As you get ready to graduate from MIT, you will face a variety of career choices. You can:
- Go to graduate school
- Get a job at a VC backedstartup
- Get a job at an established company with its own product lines or platforms (e.g. Google, Amazon, Bose)
- Get a job at a consulting company (e.g. McKinsey)
- Get a job as a researcher in an academic institution or corporate research center
- Join a university as a tenure track professor
- Start a startup
- Start a consulting business
- Go into a non-profit
- Take time off and teach English in another country
- Become a ski bum
- ... etc
With such a wide array of choices, how do you frame the question so you can think about your options in a structured way? One idea is to think about the parameters that will matter to you now and in 2 years, and come up with a force-ranked list that clarifies your own priorities to yourself. Here are some example parameters to get you started.
- Sector - which industry vertical will you feel passionate about in 2 years and beyond? Why?
- Target customers/users - what constituency do you want to serve, and why?
- Team - what would you like to look back and see relative to the team you will have been part of?
- Technology - how much proprietary intellectual property do you see yourself generating in the next 2 years? Is this important to you?
- Economic success - what level of financial compensation would you realistically consider successful in 2 years?
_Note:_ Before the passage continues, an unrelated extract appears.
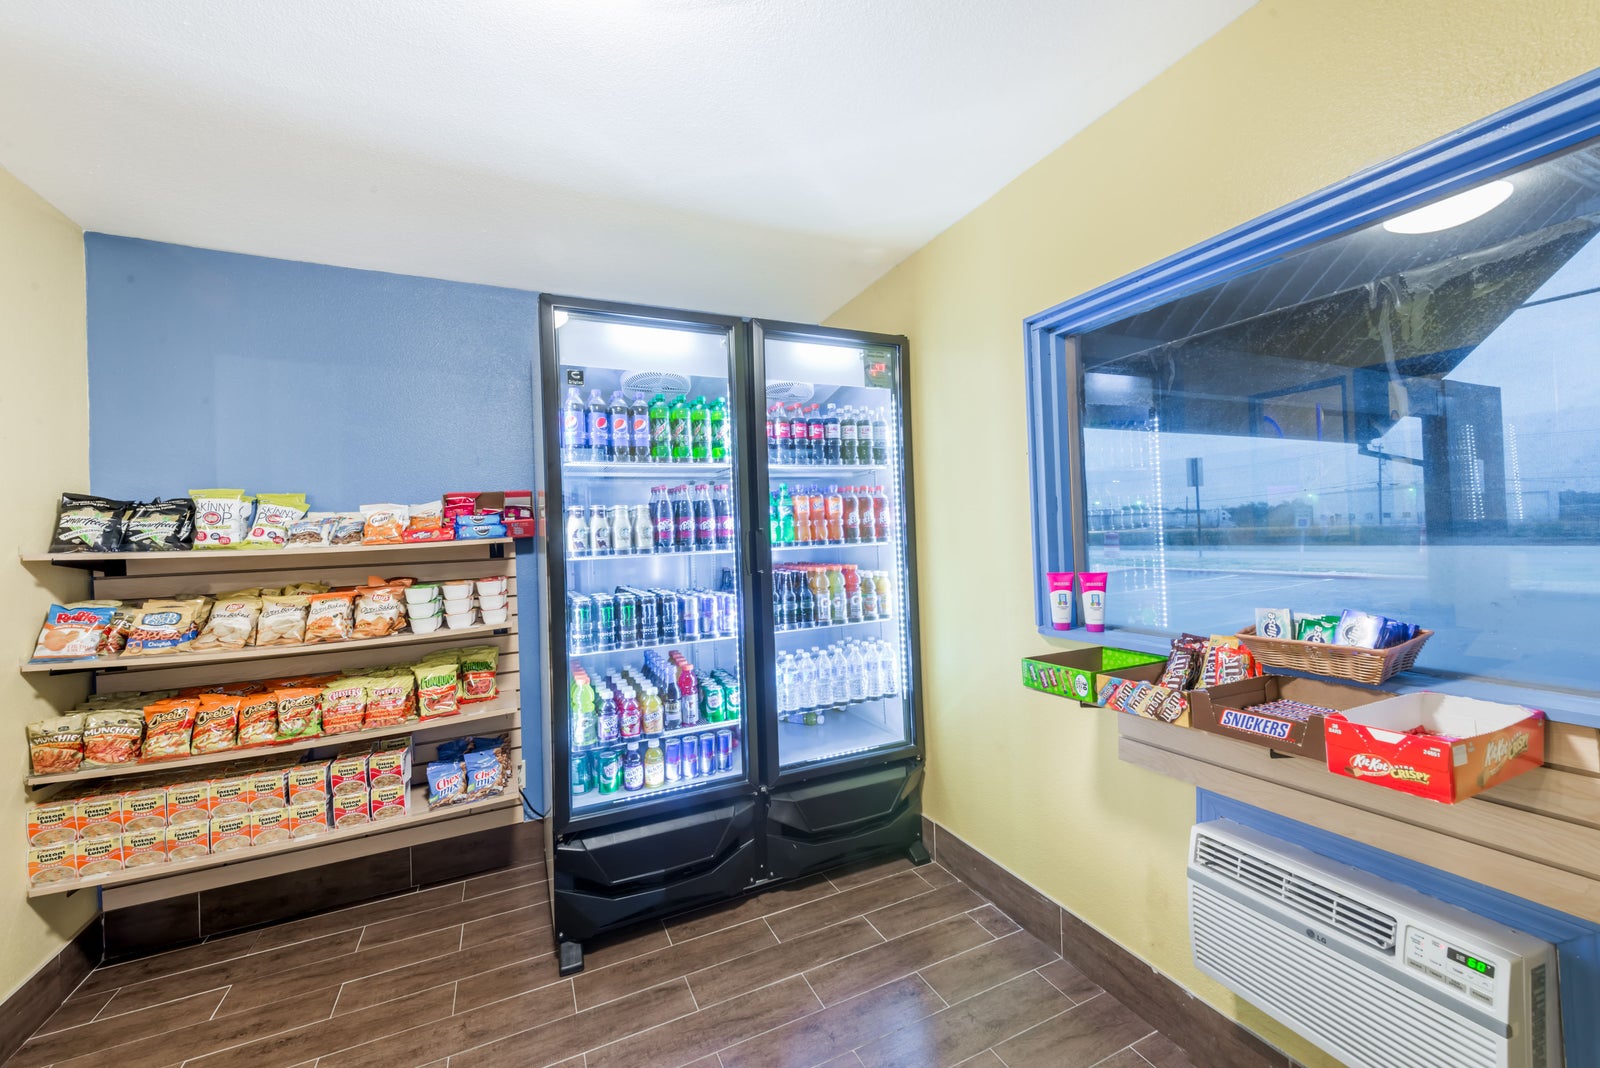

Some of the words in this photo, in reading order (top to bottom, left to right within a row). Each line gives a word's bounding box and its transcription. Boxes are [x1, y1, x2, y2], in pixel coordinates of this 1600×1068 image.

- Work content - what do you like to do? What don't you like to do? What type of role does that map to in different types of organizations?
- Control and ownership - how much control do you want /need?
- Work/life balance - what are your expectations on how much time/effort you will spend at work versus outside of work? What about expectations on schedule flexibility?
- ... etc
This is just an example list, and the factors that matter to one person are not always the same as those that matter to another. By being deliberate and choiceful about listing these factors, defining them to an adequate level of detail and then force ranking them, you will have a much better framework to think about all the options open to you in the abstract, and it will help you assess and gauge actual opportunities when they do present themselves to you in the form of an offer or a co-founding opportunity.